- **WORK INSTRUCTION**: All entries must be returned precisely as they appear.

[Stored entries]
-*-

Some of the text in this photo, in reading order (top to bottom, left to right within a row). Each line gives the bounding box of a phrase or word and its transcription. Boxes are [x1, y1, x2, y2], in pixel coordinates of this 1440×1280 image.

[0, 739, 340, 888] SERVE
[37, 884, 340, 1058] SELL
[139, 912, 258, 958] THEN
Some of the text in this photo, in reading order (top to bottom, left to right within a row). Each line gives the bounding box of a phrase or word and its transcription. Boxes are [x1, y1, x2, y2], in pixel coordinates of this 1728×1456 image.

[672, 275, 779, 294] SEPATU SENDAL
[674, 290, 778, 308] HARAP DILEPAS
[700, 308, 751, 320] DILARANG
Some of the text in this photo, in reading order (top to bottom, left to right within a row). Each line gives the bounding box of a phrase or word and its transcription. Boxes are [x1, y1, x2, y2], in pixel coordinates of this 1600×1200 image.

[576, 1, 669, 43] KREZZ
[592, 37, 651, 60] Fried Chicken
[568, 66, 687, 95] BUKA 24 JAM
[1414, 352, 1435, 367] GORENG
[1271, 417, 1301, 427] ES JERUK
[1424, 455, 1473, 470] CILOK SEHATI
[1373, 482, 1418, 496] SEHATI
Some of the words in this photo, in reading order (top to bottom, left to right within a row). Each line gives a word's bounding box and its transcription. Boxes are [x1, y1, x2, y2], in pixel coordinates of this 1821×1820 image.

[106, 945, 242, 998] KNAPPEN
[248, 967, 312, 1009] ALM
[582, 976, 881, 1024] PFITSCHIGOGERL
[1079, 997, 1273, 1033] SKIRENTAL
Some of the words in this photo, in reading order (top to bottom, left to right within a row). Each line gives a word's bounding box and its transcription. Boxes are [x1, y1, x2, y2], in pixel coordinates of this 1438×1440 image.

-*-

- **RESPONSE FOR THIS EXERCISE**:
Some of the text in this photo, in reading order (top to bottom, left to right within a row). Each line gives the bounding box of a phrase or word and its transcription. Boxes are [x1, y1, x2, y2], in pixel coordinates of this 1440×1280 image.

[0, 739, 340, 888] SERVE
[37, 884, 340, 1058] SELL
[139, 912, 258, 958] THEN
Some of the text in this photo, in reading order (top to bottom, left to right within a row). Each line gives the bounding box of a phrase or word and its transcription. Boxes are [x1, y1, x2, y2], in pixel coordinates of this 1728×1456 image.

[672, 275, 779, 294] SEPATU SENDAL
[674, 290, 778, 308] HARAP DILEPAS
[700, 308, 751, 320] DILARANG
Some of the text in this photo, in reading order (top to bottom, left to right within a row). Each line gives the bounding box of a phrase or word and its transcription. Boxes are [x1, y1, x2, y2], in pixel coordinates of this 1600×1200 image.

[576, 1, 669, 43] KREZZ
[592, 37, 651, 60] Fried Chicken
[568, 66, 687, 95] BUKA 24 JAM
[1414, 352, 1435, 367] GORENG
[1271, 417, 1301, 427] ES JERUK
[1424, 455, 1473, 470] CILOK SEHATI
[1373, 482, 1418, 496] SEHATI
Some of the words in this photo, in reading order (top to bottom, left to right within a row). Each line gives a word's bounding box and its transcription. Boxes are [x1, y1, x2, y2], in pixel coordinates of this 1821×1820 image.

[106, 945, 242, 998] KNAPPEN
[248, 967, 312, 1009] ALM
[582, 976, 881, 1024] PFITSCHIGOGERL
[1079, 997, 1273, 1033] SKIRENTAL
Some of the words in this photo, in reading order (top to bottom, left to right within a row). Each line gives a word's bounding box and its transcription. Boxes are [x1, y1, x2, y2], in pixel coordinates of this 1438×1440 image.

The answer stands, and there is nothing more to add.